Assignment: Since pictures are not wanted, repeat only the text of the records, word for word.
──────────
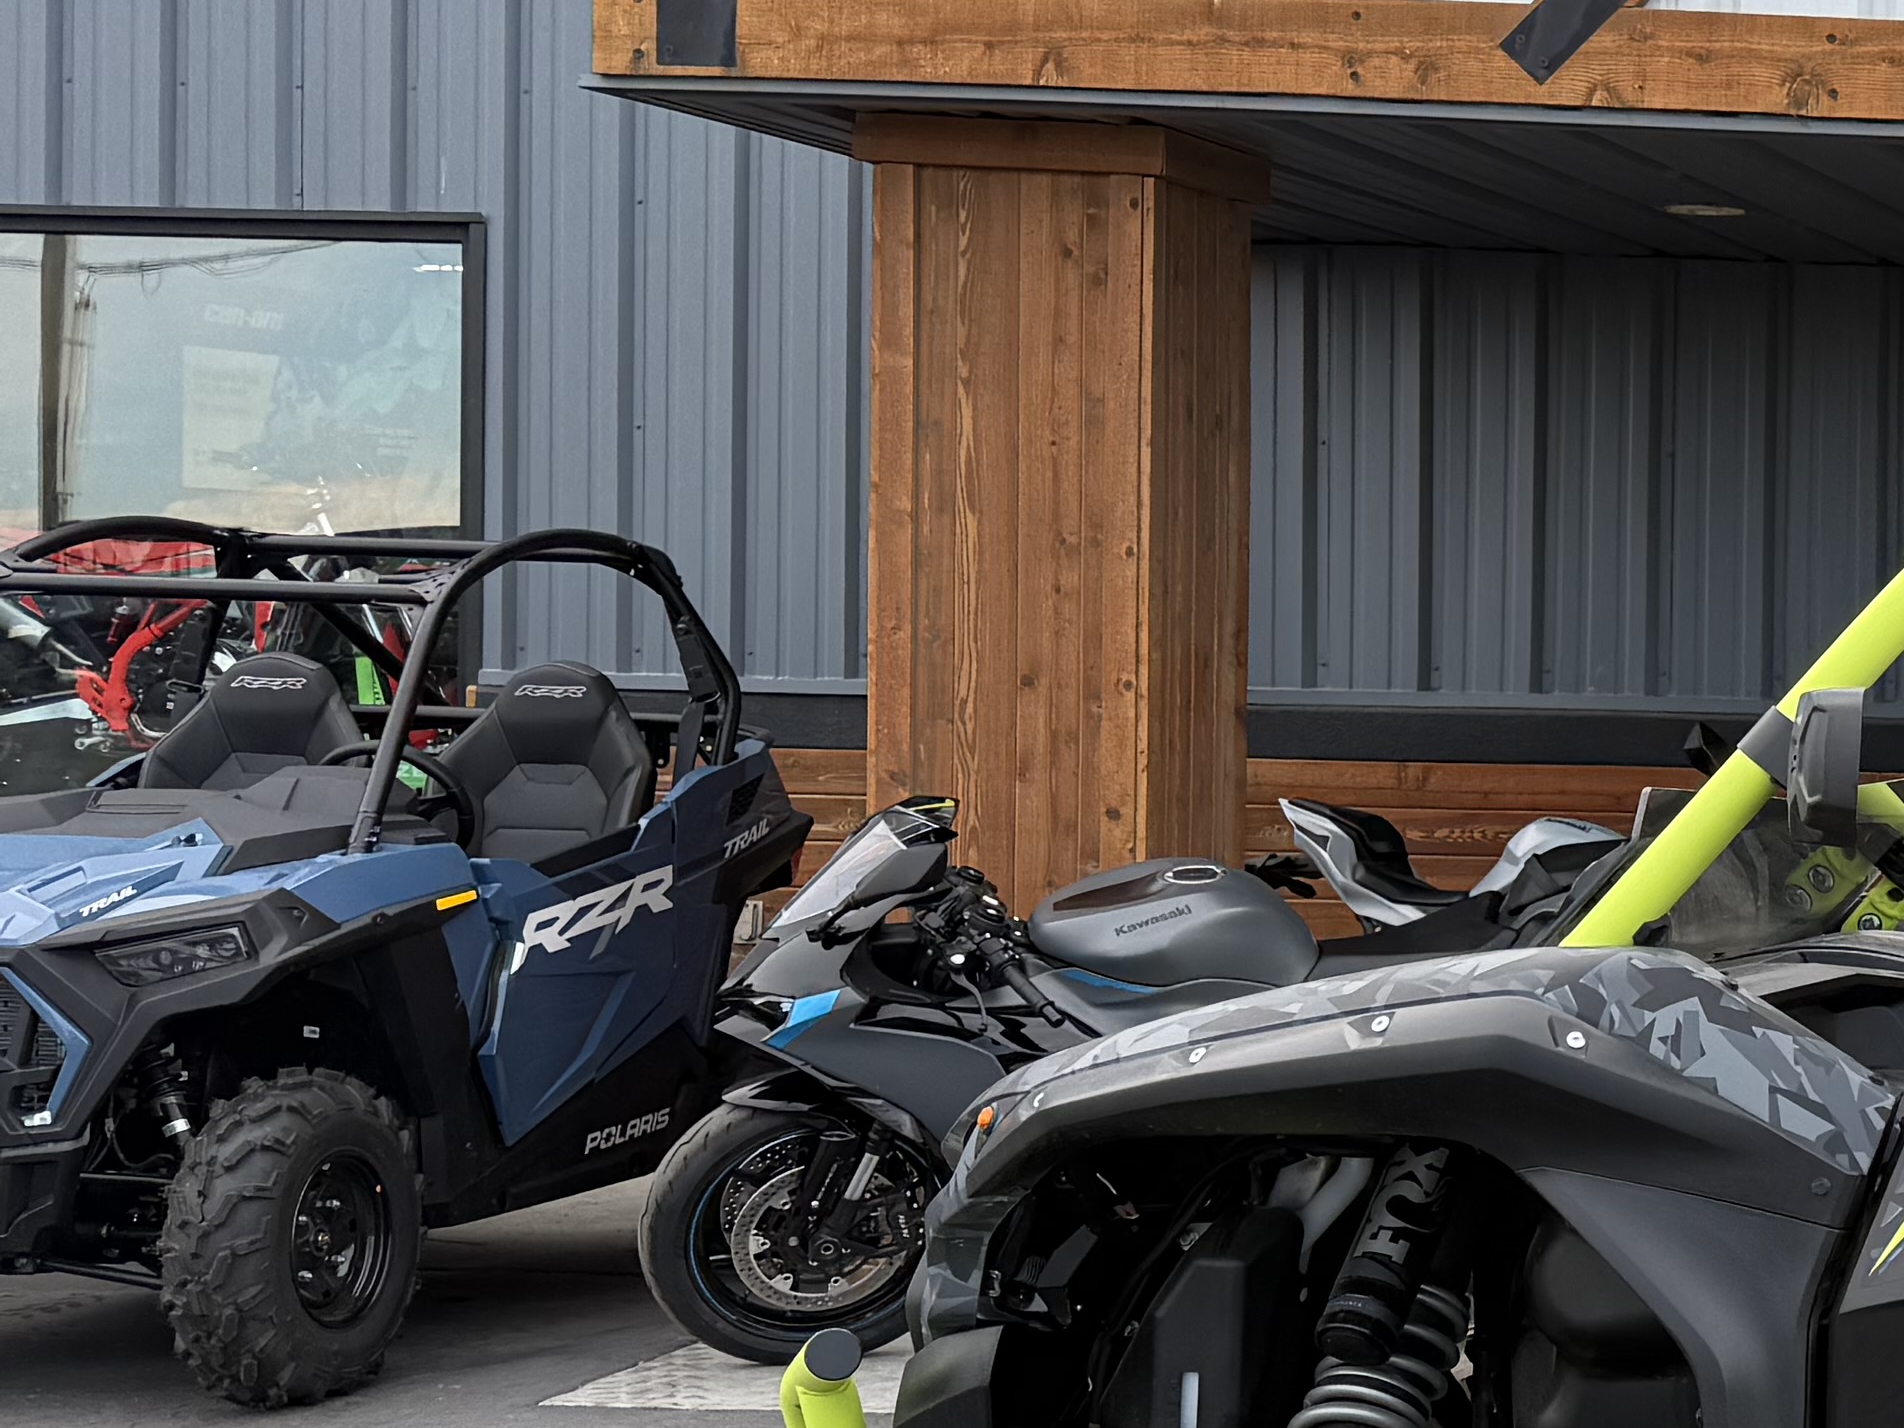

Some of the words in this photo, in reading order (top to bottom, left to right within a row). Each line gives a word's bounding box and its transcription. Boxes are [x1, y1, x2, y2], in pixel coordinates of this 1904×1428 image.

[723, 818, 770, 860] TRAIL
[79, 885, 138, 917] TRAIL
[511, 864, 674, 974] RZR
[1114, 904, 1193, 937] Kawasaki
[584, 1107, 671, 1155] POLARIS
[1351, 1144, 1450, 1264] FOX
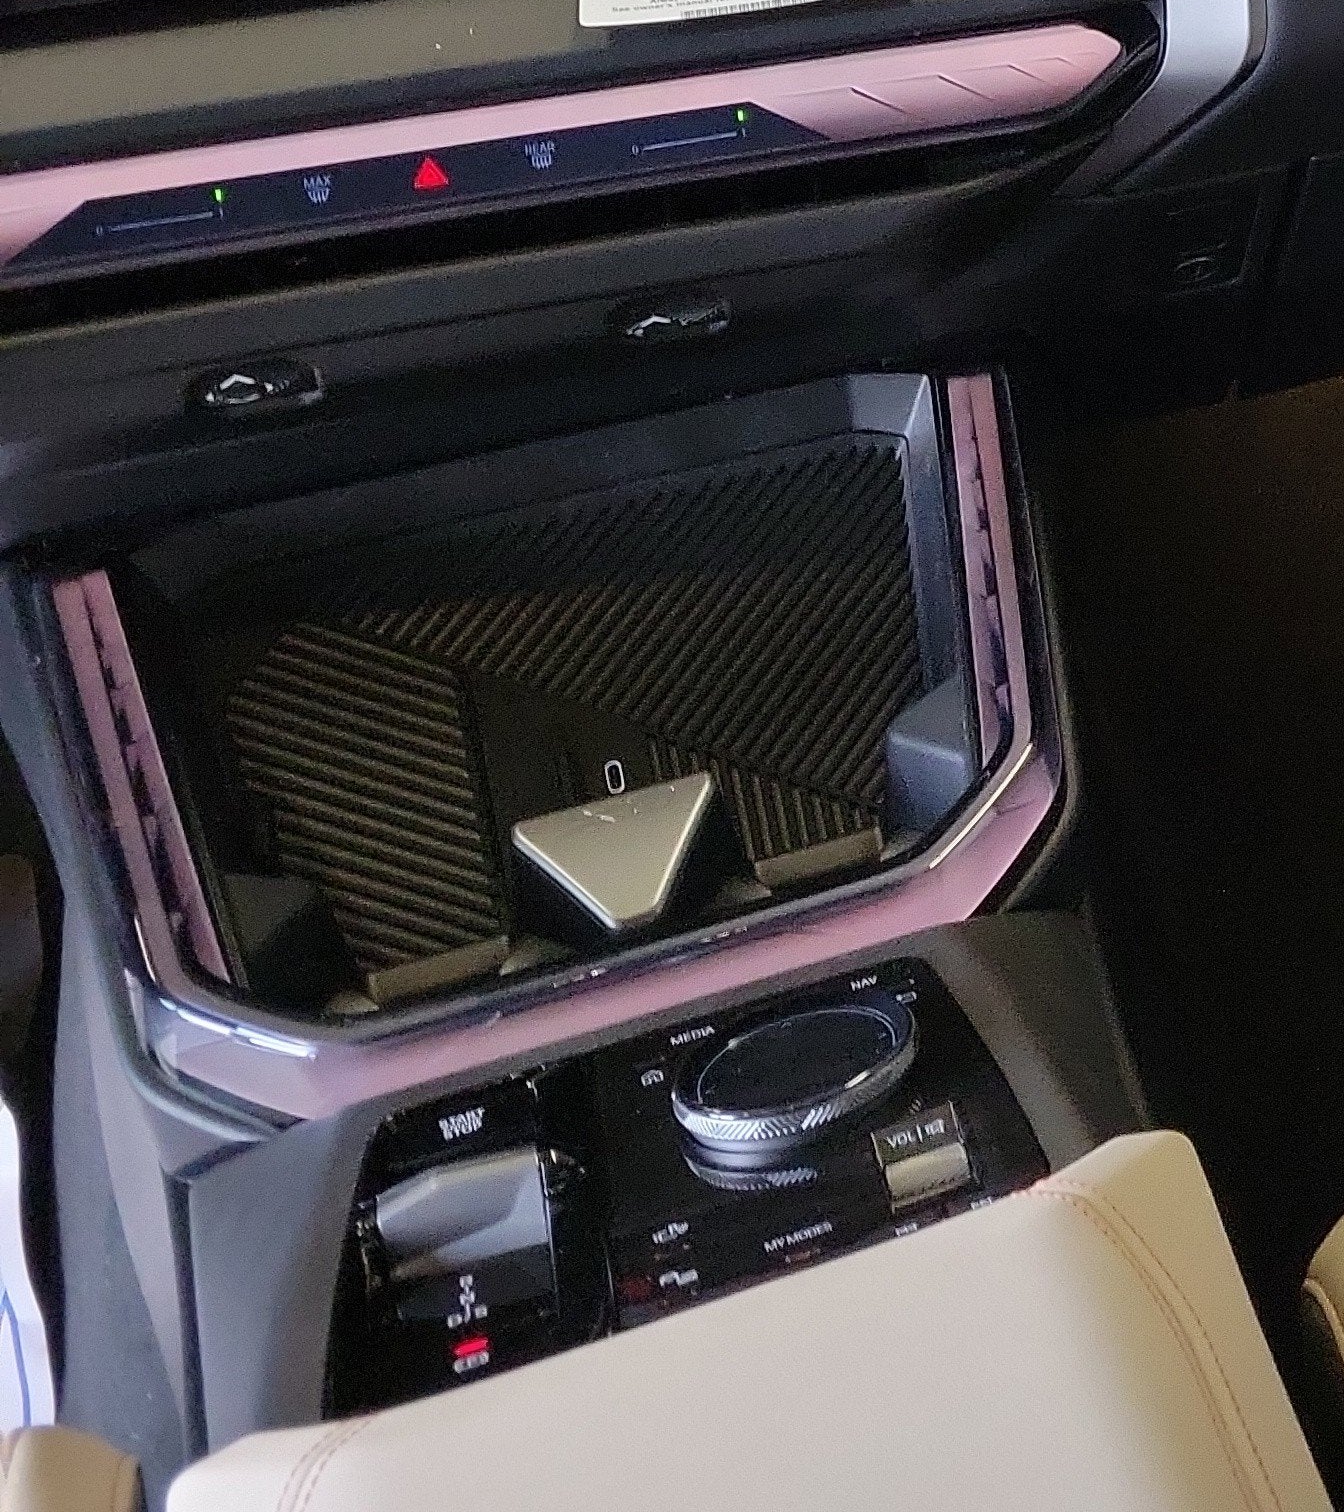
──────────
Solution for this exercise:
Some of the words in this photo, in reading order (top to bottom, left to right within a row). Each line gives a word's bounding box and its transcription. Boxes are [x1, y1, x2, y2], in pixel coordinates of this 1904×1428 image.

[723, 818, 770, 860] TRAIL
[79, 885, 138, 917] TRAIL
[511, 864, 674, 974] RZR
[1114, 904, 1193, 937] Kawasaki
[584, 1107, 671, 1155] POLARIS
[1351, 1144, 1450, 1264] FOX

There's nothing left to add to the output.